Exercise goal => Leave every picture out, then reproduce the rest of the listing exactly.

-----

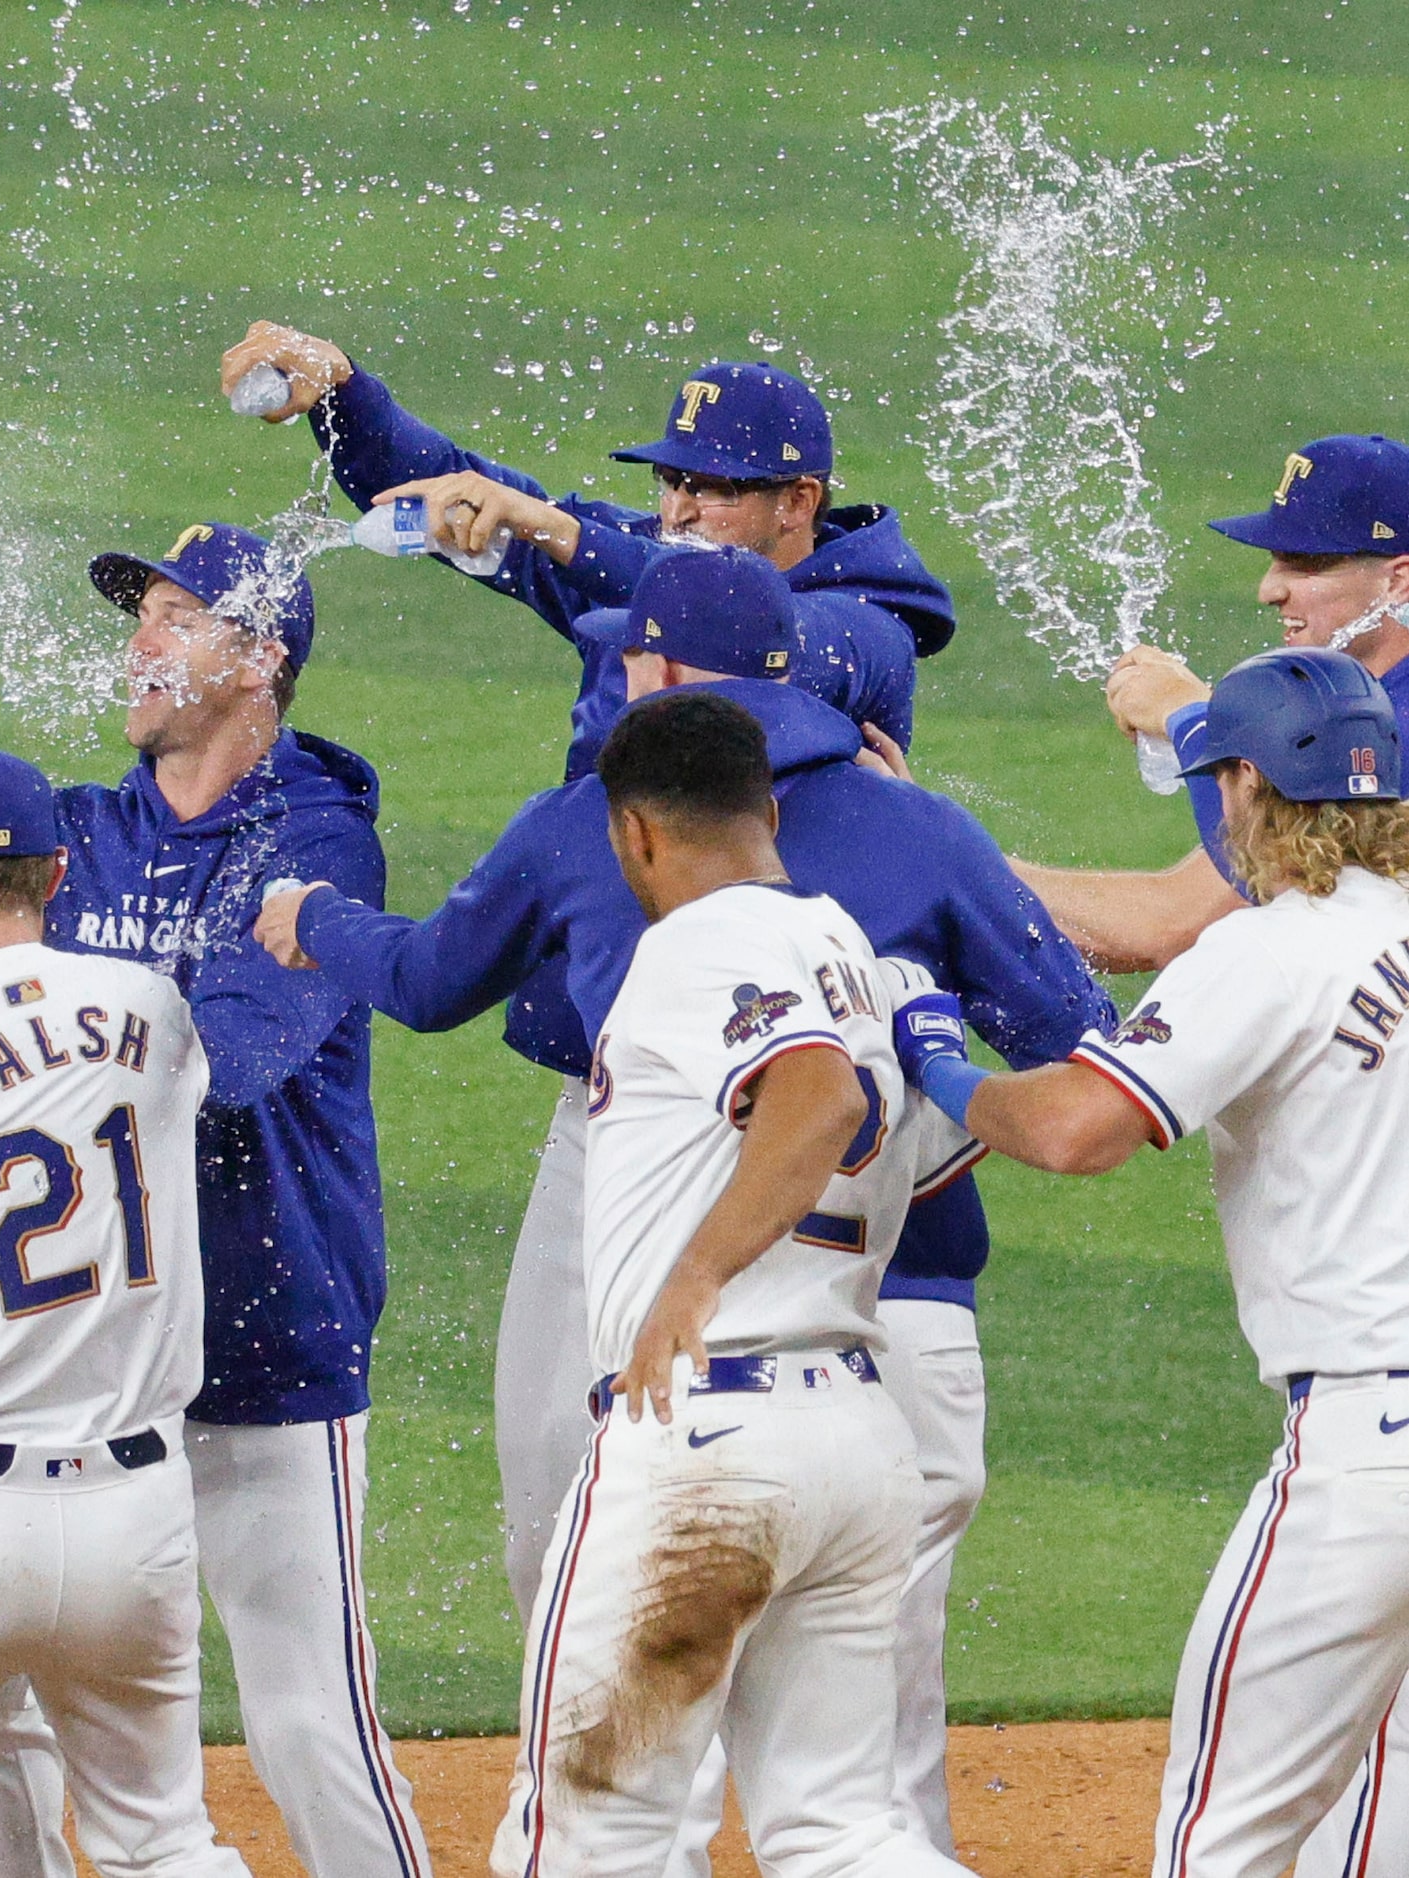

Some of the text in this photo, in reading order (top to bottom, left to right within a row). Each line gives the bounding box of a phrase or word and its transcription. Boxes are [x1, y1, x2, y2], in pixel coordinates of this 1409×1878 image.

[676, 380, 721, 433] T
[1350, 747, 1376, 774] 16
[1333, 936, 1409, 1074] JAN
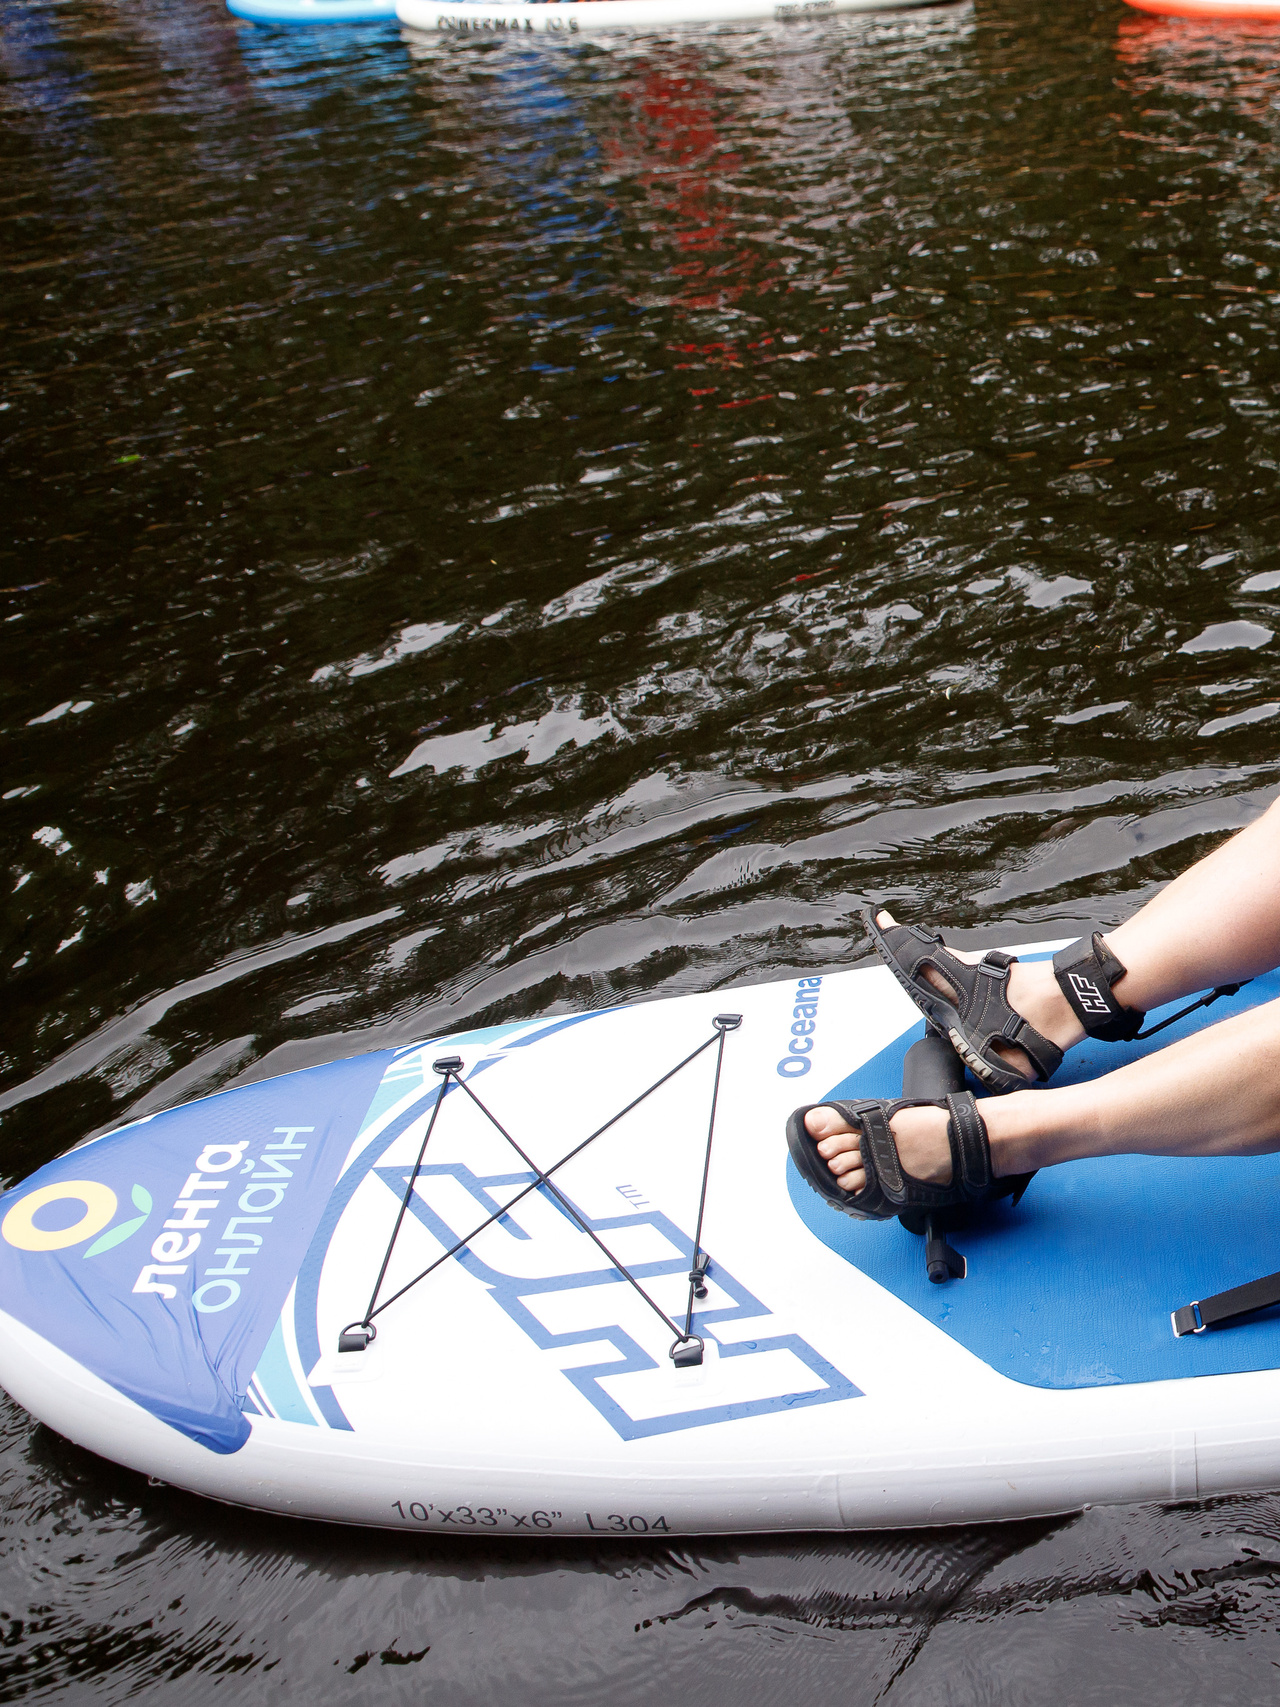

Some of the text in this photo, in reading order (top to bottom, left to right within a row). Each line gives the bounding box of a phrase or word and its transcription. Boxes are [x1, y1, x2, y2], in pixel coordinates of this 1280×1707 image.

[776, 976, 823, 1078] Oceana
[131, 1140, 250, 1299] лента
[585, 1511, 672, 1533] L304
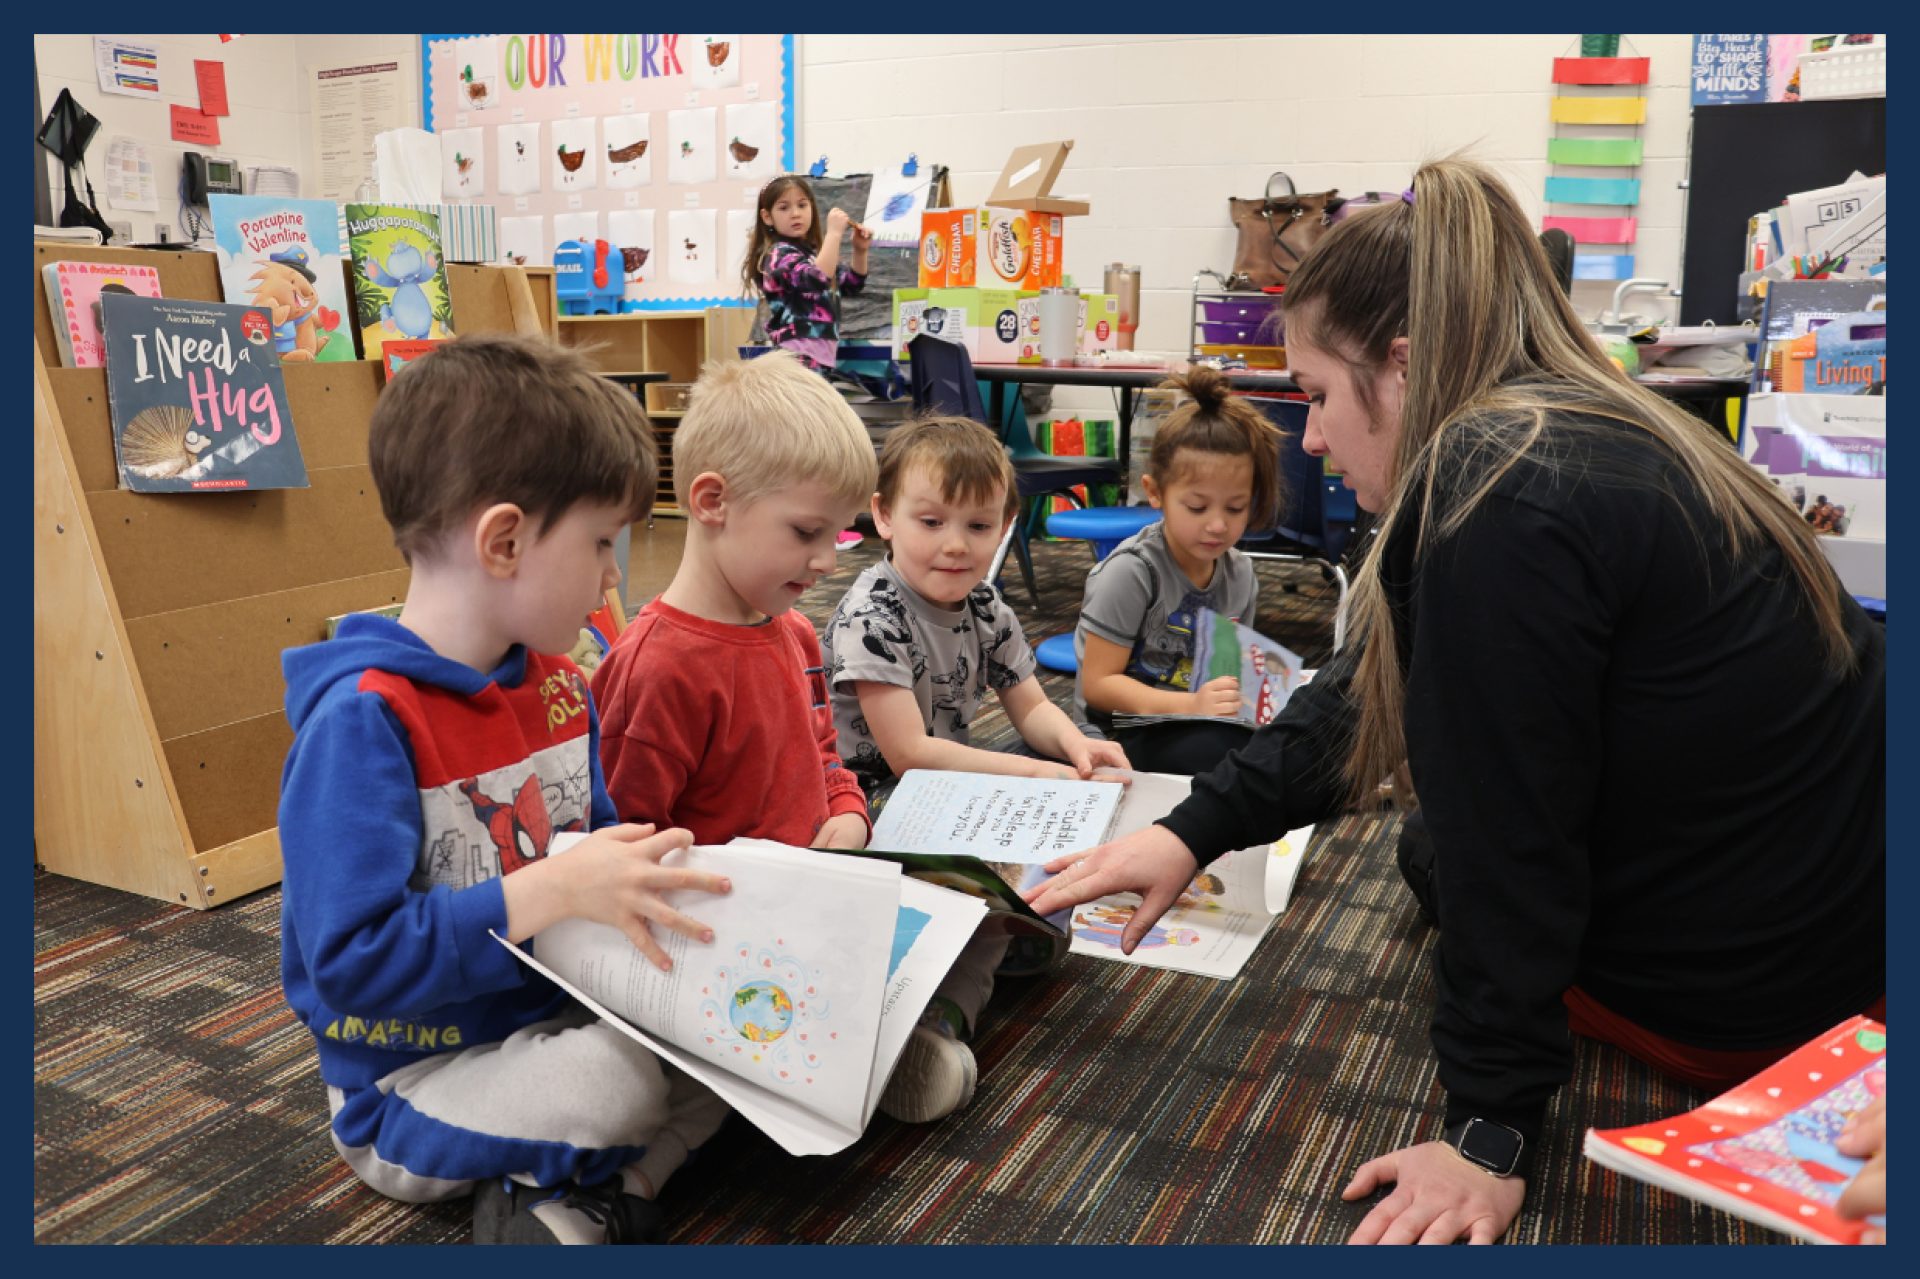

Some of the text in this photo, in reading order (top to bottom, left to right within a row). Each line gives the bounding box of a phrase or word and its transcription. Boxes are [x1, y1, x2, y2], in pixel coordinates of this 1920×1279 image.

[1701, 34, 1763, 43] IT TAKES A
[505, 34, 684, 91] OUR WORK
[1696, 52, 1763, 63] TO SHAPE
[1696, 77, 1761, 92] MINDS
[1825, 202, 1854, 217] 4 5
[239, 211, 304, 239] Porcupine
[248, 227, 307, 254] Valentine
[950, 221, 962, 275] CHEDDAR
[997, 220, 1018, 275] Goldfish
[1031, 226, 1043, 277] CHEDDAR
[556, 264, 583, 274] MAIL
[1000, 314, 1016, 330] 28
[131, 333, 155, 384] I
[155, 326, 238, 384] Need
[238, 347, 251, 364] a
[1815, 359, 1873, 389] Living
[187, 366, 282, 446] Hug
[1861, 444, 1871, 452] of
[948, 813, 972, 841] you.
[993, 810, 1027, 847] asleep
[1052, 810, 1079, 849] cuddle

-----

Solution for this problem =>
Some of the text in this photo, in reading order (top to bottom, left to right within a row). Each line gives the bounding box of a phrase or word and its transcription. Boxes are [x1, y1, x2, y2], in pixel coordinates of this 1409×1878 image.

[676, 380, 721, 433] T
[1350, 747, 1376, 774] 16
[1333, 936, 1409, 1074] JAN

Some of the text in this photo, in reading order (top to bottom, left to right within a row). Each line gives the bounding box of a phrase or word and its transcription. Boxes are [x1, y1, x2, y2], in pixel coordinates of this 1280×1707 image.

[776, 976, 823, 1078] Oceana
[131, 1140, 250, 1299] лента
[585, 1511, 672, 1533] L304

Some of the text in this photo, in reading order (top to bottom, left to right within a row). Each line gives the bounding box of a phrase or word and its transcription. Boxes are [x1, y1, x2, y2], in pixel coordinates of this 1920×1279 image.

[1701, 34, 1763, 43] IT TAKES A
[505, 34, 684, 91] OUR WORK
[1696, 52, 1763, 63] TO SHAPE
[1696, 77, 1761, 92] MINDS
[1825, 202, 1854, 217] 4 5
[239, 211, 304, 239] Porcupine
[248, 227, 307, 254] Valentine
[950, 221, 962, 275] CHEDDAR
[997, 220, 1018, 275] Goldfish
[1031, 226, 1043, 277] CHEDDAR
[556, 264, 583, 274] MAIL
[1000, 314, 1016, 330] 28
[131, 333, 155, 384] I
[155, 326, 238, 384] Need
[238, 347, 251, 364] a
[1815, 359, 1873, 389] Living
[187, 366, 282, 446] Hug
[1861, 444, 1871, 452] of
[948, 813, 972, 841] you.
[993, 810, 1027, 847] asleep
[1052, 810, 1079, 849] cuddle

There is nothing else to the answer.